To do >>
Transcribe the records that follow in their entirety, omitting any pictures.

(Records drawn from a dataset)
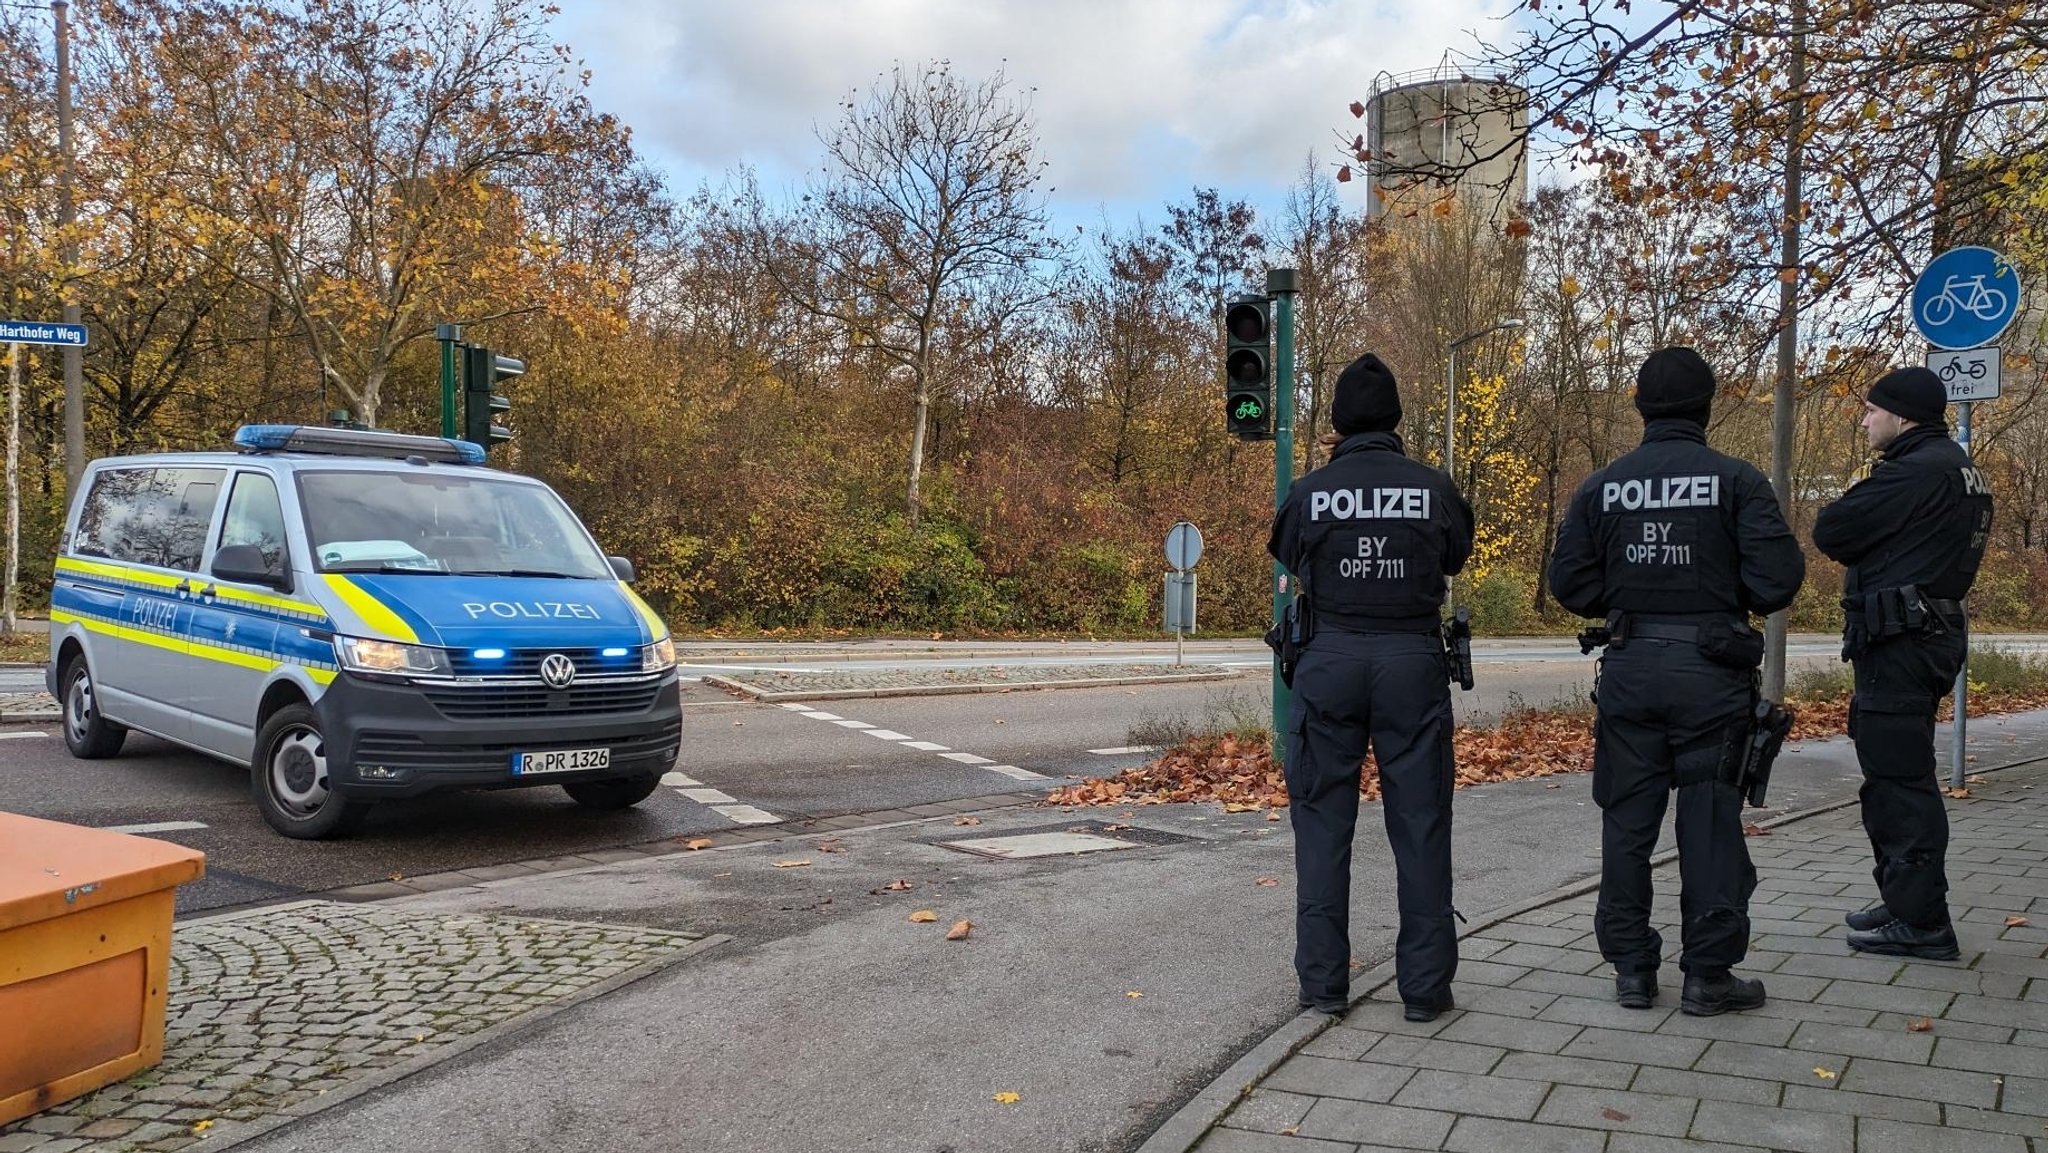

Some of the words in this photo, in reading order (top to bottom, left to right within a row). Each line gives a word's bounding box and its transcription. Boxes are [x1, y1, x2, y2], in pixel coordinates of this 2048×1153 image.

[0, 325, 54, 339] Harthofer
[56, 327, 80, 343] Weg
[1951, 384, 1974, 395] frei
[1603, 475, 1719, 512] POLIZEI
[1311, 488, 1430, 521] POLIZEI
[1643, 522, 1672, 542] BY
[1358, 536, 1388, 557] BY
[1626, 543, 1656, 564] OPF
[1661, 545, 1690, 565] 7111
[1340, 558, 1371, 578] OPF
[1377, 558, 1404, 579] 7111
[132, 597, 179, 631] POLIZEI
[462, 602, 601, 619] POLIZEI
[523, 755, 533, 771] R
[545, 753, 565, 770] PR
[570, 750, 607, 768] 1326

Response >>
Some of the words in this photo, in reading order (top to bottom, left to right within a row). Each line gives a word's bounding box and its transcription. Boxes are [x1, y1, x2, y2], in pixel coordinates of this 2048×1153 image.

[0, 325, 54, 339] Harthofer
[56, 327, 80, 343] Weg
[1951, 384, 1974, 395] frei
[1603, 475, 1719, 512] POLIZEI
[1311, 488, 1430, 521] POLIZEI
[1643, 522, 1672, 542] BY
[1358, 536, 1388, 557] BY
[1626, 543, 1656, 564] OPF
[1661, 545, 1690, 565] 7111
[1340, 558, 1371, 578] OPF
[1377, 558, 1404, 579] 7111
[132, 597, 179, 631] POLIZEI
[462, 602, 601, 619] POLIZEI
[523, 755, 533, 771] R
[545, 753, 565, 770] PR
[570, 750, 607, 768] 1326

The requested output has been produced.